Hayden Ludwig | Capital Research Center
Hayden Ludwig | Capital Research Center
A complaint to the IRS filed by watchdog group the Center for Renewing America in September alleges that Facebook founder Mark Zuckerberg and his wife, Priscilla Chan, unlawfully deducted millions in contributions to three nonprofits that granted to money to state and local election officials.
A second, related complaint charges that the nonprofits, the Center for Technology and Civic Life (CTCL), the Center for Election Innovation and Research (CEIR), and the National Vote at Home Institute (NVAHI) should lose their tax exempt status for engaging in partisan politics.
“The very genesis of the Zuckerbucks program…shows that it violates Section 501(c)(3) because it was designed to benefit the personal financial interests of Mark Zuckerberg and his wife Priscilla Chan by avoiding any adverse financial consequences of staying out of the 2020 election,” the complaint states. “Specifically, as noted above, the Zuckerbucks program was conceived to offset the supposed damage the couple did to American politics in 2016 by passively allowing Facebook to be used to elect a Republican President.”

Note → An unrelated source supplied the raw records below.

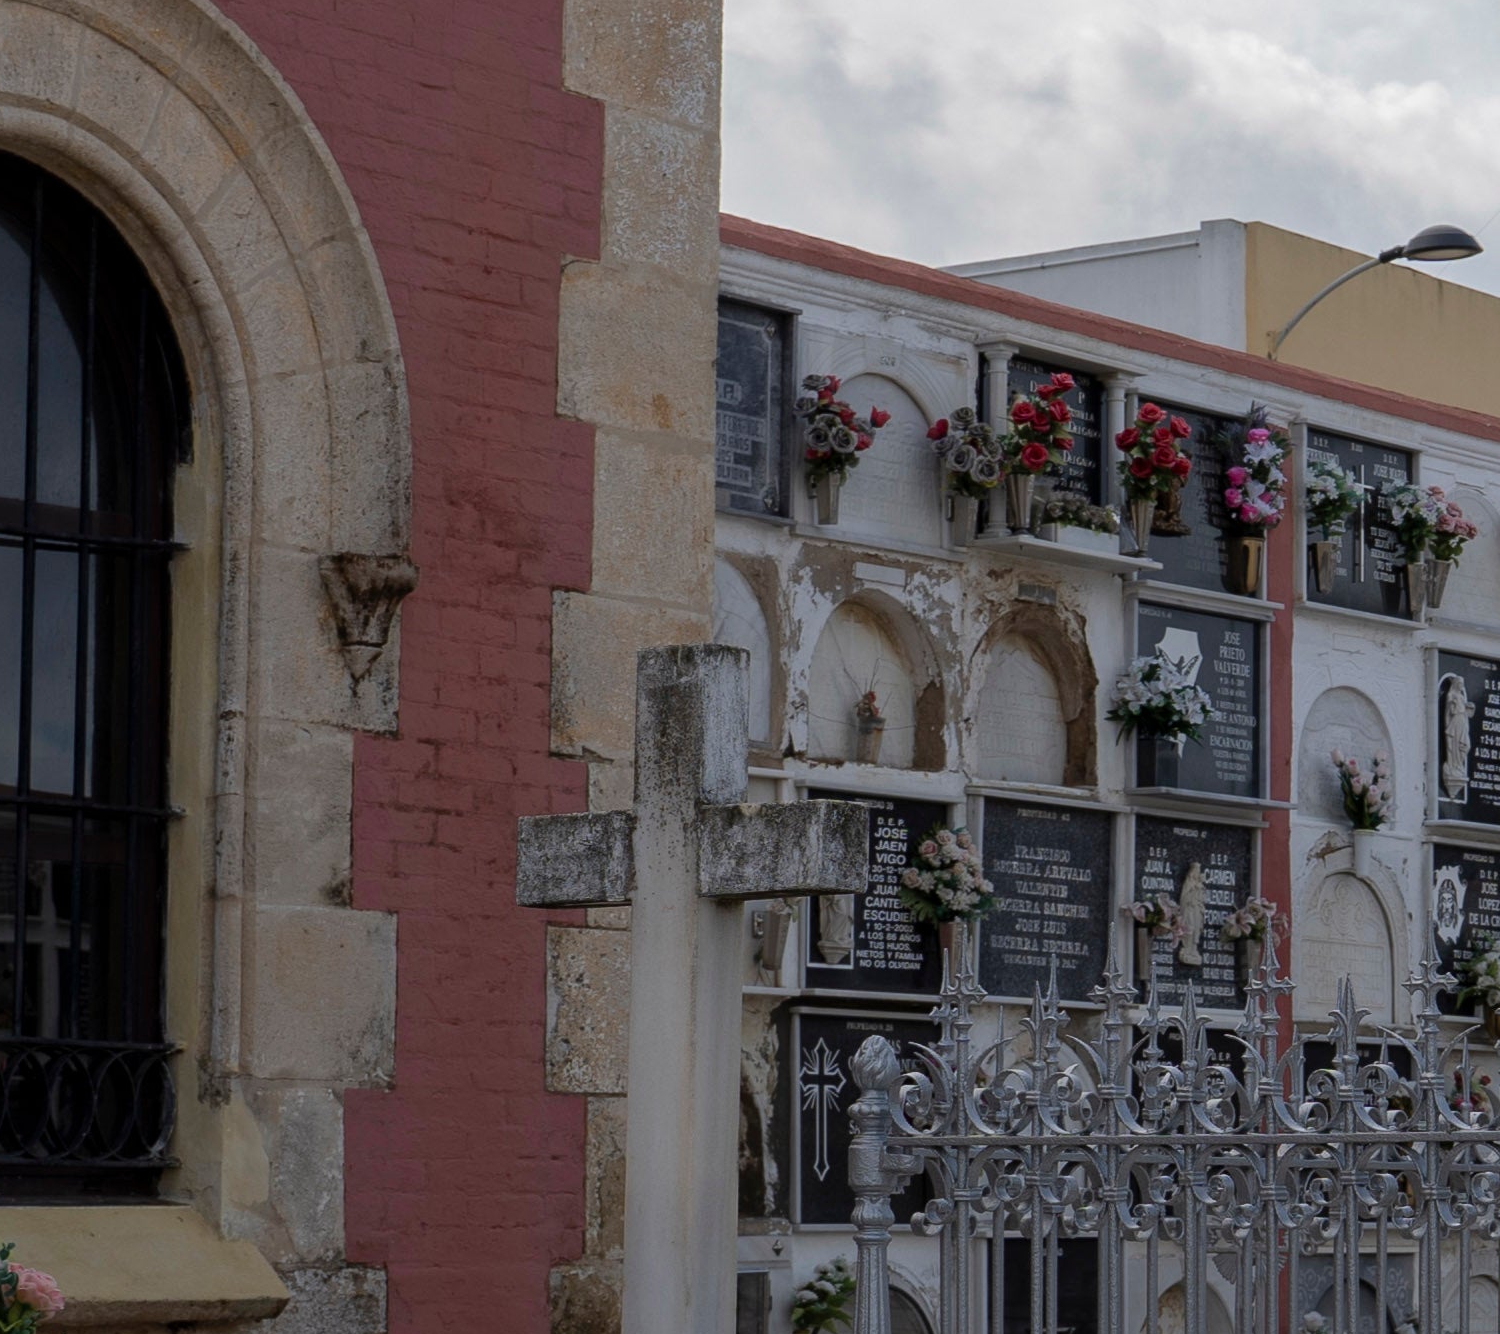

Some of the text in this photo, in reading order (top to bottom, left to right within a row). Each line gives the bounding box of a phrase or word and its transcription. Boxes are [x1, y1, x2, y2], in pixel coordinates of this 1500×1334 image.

[874, 827, 908, 840] JOSE
[875, 840, 908, 852] JAEN
[875, 853, 907, 865] VIGO
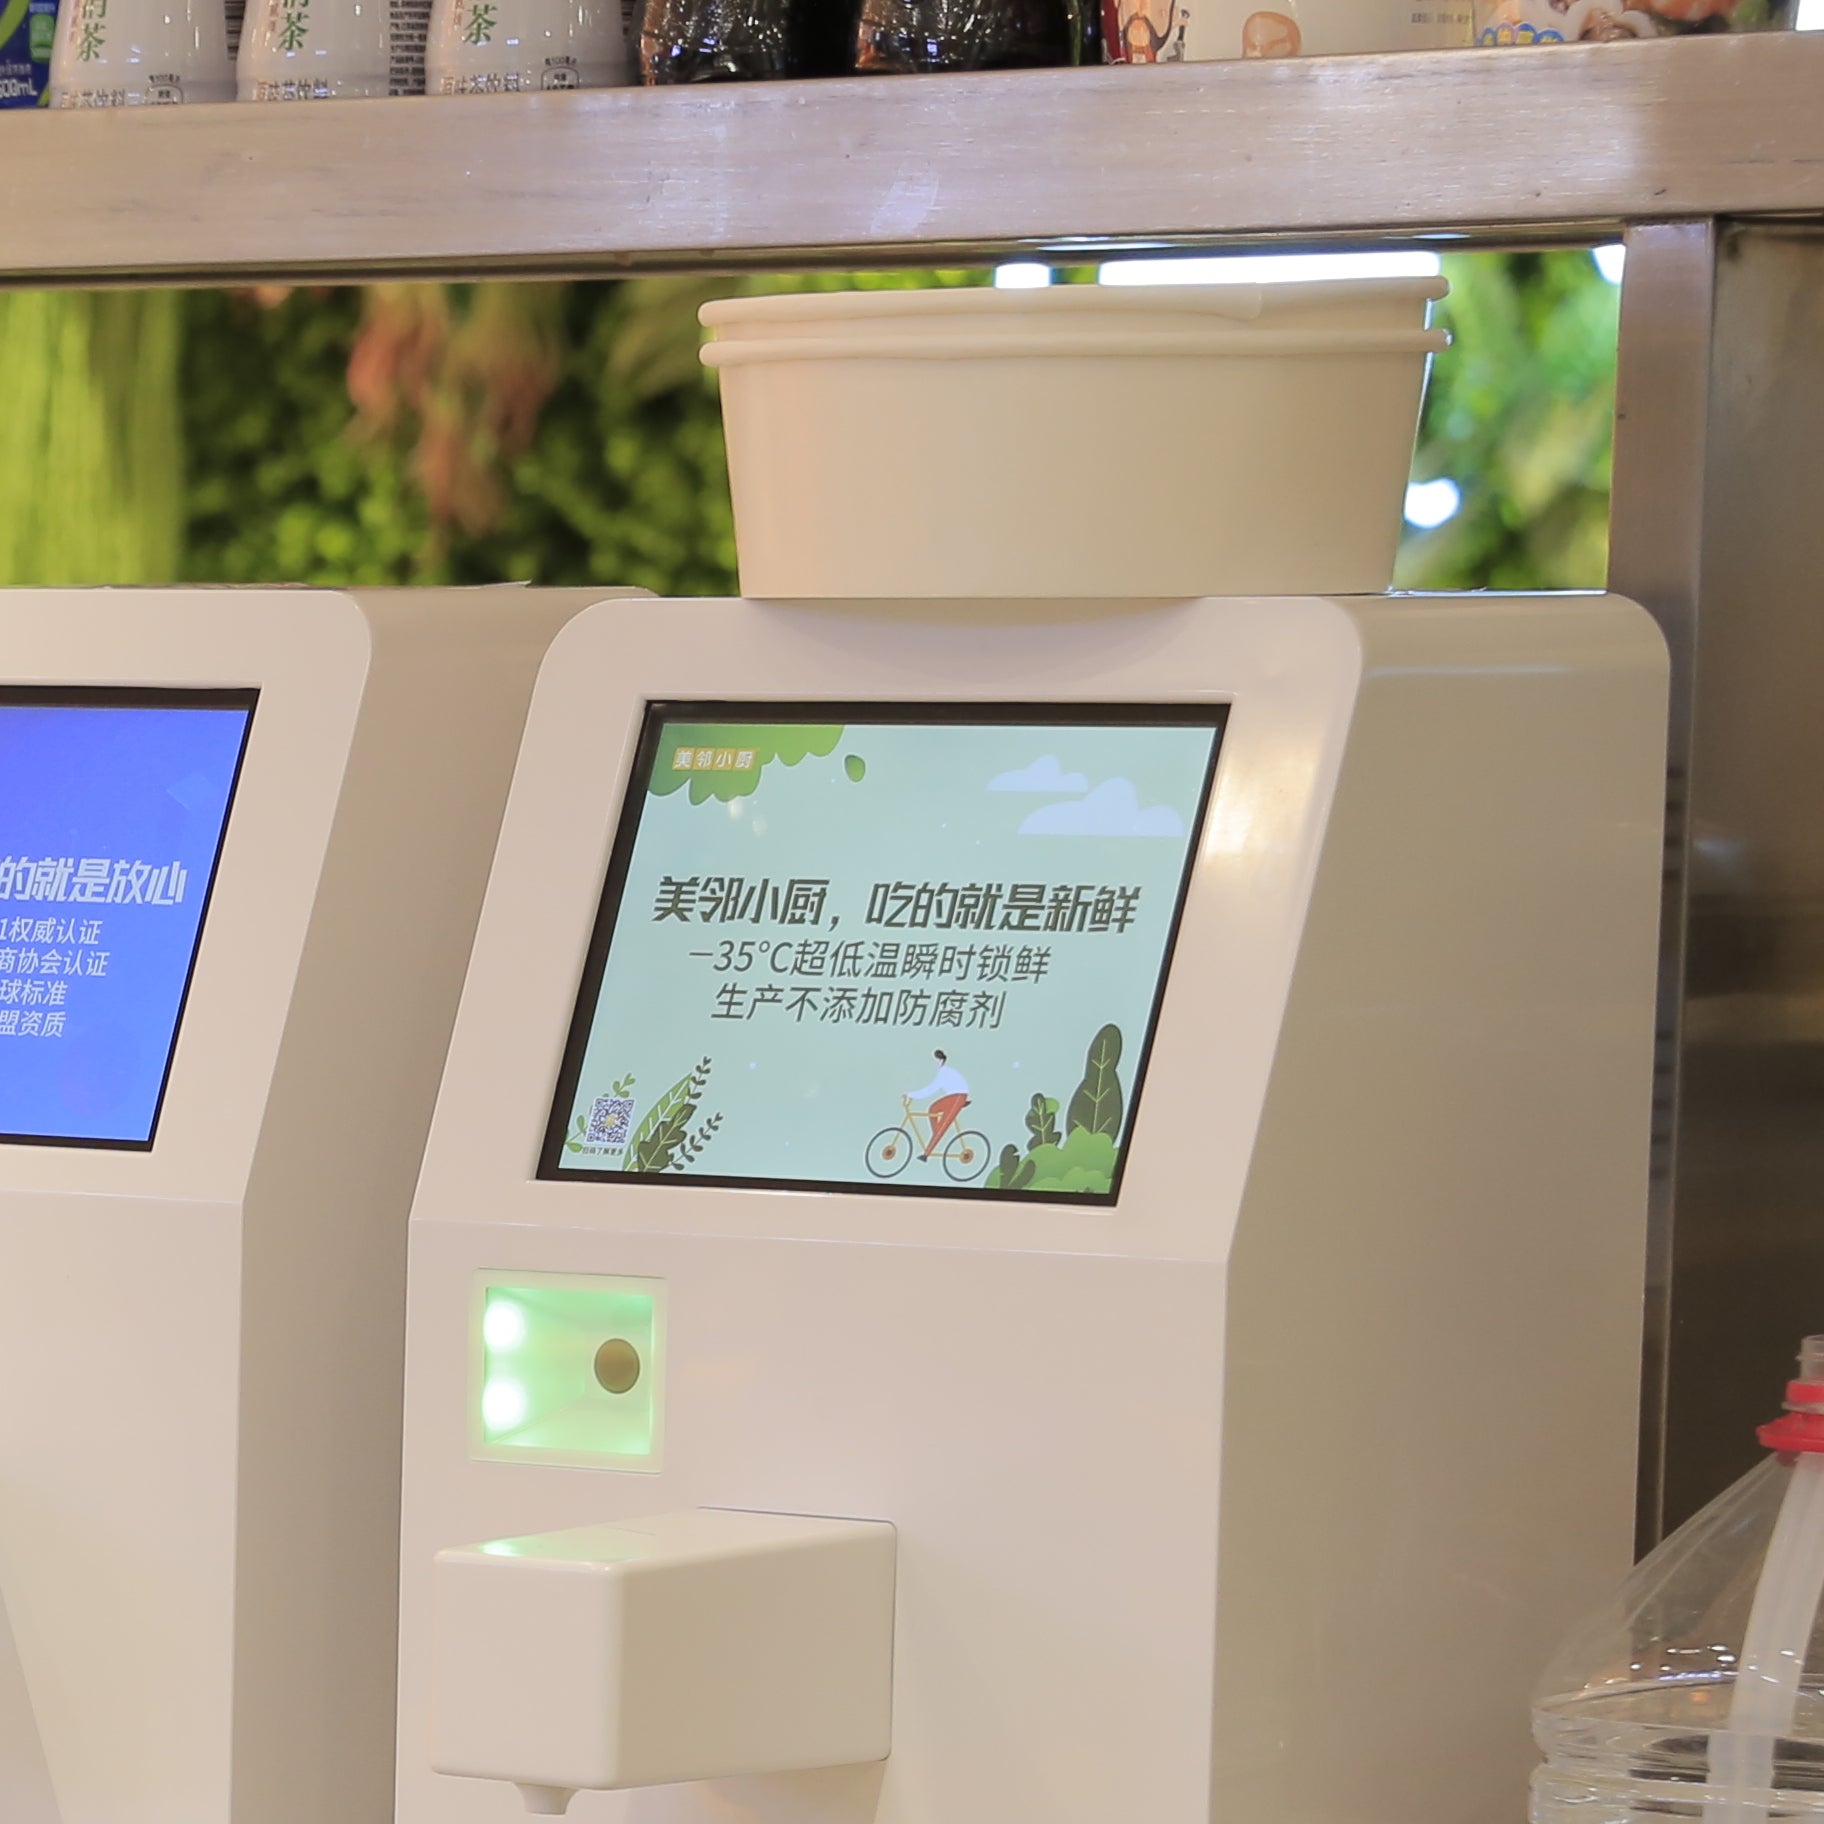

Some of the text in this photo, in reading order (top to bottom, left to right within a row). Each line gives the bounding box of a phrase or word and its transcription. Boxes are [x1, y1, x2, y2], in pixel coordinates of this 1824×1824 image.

[672, 748, 755, 770] 美邻小厨
[652, 875, 1143, 934] 美邻小厨，吃的就是新鲜
[710, 984, 1008, 1030] 生产不添加防腐剂

Regarding the nonprofits granting the money, the complaint said: “CTCL, NVAHI, and CEIR all place themselves outside the Section 501(c)(3) exemption for educational purposes under the Service’s methodological test. Under Prong 1 of that test, vast sums of money were directed to ‘educating’ voters predominantly in Blue areas without any showing that predominantly Red areas did not need the same protective equipment against COVID or faced other needs such as for privately funded dropboxes and other vote-by-mail or at-home options (even assuming such methodologies were unambiguously good for democracy).”
An ongoing investigation by the Capital Research Center (CRC) shows that little of the Zuckerberg money actually funded safety measures while the bulk of it went for the purchase of drop boxes, and the promotion of mail ballots in Democratic areas as part of a larger get out-the-vote campaign.

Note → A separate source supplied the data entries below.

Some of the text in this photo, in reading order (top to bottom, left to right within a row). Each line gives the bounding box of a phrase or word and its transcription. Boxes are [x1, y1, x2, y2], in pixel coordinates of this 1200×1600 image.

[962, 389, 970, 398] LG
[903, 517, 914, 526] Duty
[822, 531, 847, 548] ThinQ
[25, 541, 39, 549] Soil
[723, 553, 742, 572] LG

“Nearly two years of our research shows that CTCL’s $350 million ‘Zuck Bucks’ scheme massively boosted Democratic turnout in cities like Philadelphia and Atlanta in the 2020 election over counties that voted for President Trump,” CRC’s Hayden Ludwig told Great Lakes Wire. “Selling Zuckerberg’s $350 million grant to CTCL as COVID-19 ‘relief grants’ was a smokescreen for an unprecedented takeover of America’s elections by one billionaire and his professional activist allies. It damaged our country’s credibility, risks foreign intervention in elections, and undermined public confidence in the republic.”
“All of this was done by a tax-exempt nonprofit supposedly engaged in charity, proof that the Left has weaponized America’s generous philanthropic sector for cynical, partisan gain,” he added.

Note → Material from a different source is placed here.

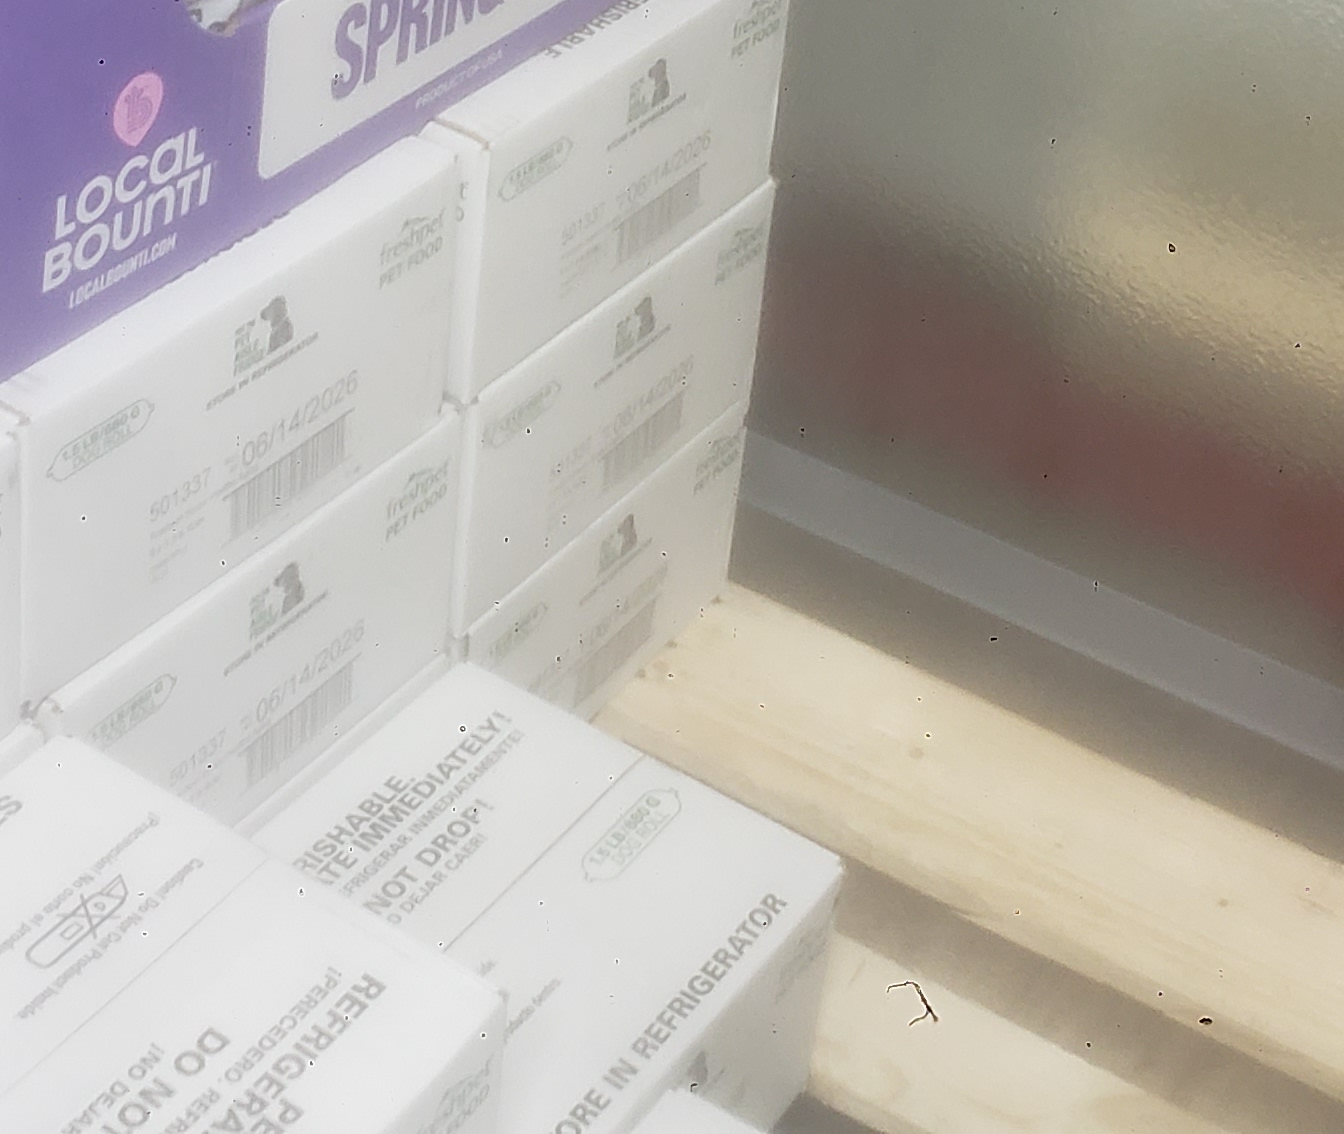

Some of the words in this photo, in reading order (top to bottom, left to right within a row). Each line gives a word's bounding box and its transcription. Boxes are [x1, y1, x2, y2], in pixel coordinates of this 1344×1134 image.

CRC’s research also shows that on a per-capita basis, CTCL’s Zuck Bucks favored the Democratic cities of Atlanta, Philadelphia, and Detroit over counties that supported Trump. In Pennsylvania, CTCL grants in Trump counties averaged $0.60 per capita compared with $2.85 in counties Joe Biden won. In Georgia, the comparison was $1.41 per capita in Trump counties versus $5.33 in Biden counties.
CEIR, CRC says, distributed its grants to secretaries of state to promote mail-in balloting and drop boxes. CRC exposed CEIR’s role in bankrolling in Maryland’s 2020 turnout; the state launched a taxpayer-funded registration effort in Baltimore and the Democratic counties ringing Washington, D.C.
The role of the National Vote at Home Institute in the 2020 elections is less clear.
In the report posted on the CRC website, Ludwig writes that “Vote at Home rocketed to prominence in early 2020 under the leadership of partisan operative Amber McReynolds when it became clear that COVID-19 provided a unique opportunity to effectively transform America’s election into a mail-in fiasco.”
“Unsurprisingly, the group was spawned with funding from the U.S. Postal Service union, which stands to gain from any effort to turn the nation’s mail-delivery service into the Democrats premier ballot-delivery machine.”
Beyond that, little is known about the group’s inner workings prompting the Center for Renewing America to also request that the IRS investigate Vote at Home’s connection to CTCL and CEIR and the Zuckerberg funding.
Since the 2020 elections, many states, and some counties, have restricted or outright banned election officials from receiving private funds. CRC is keeping a running tab on those bans.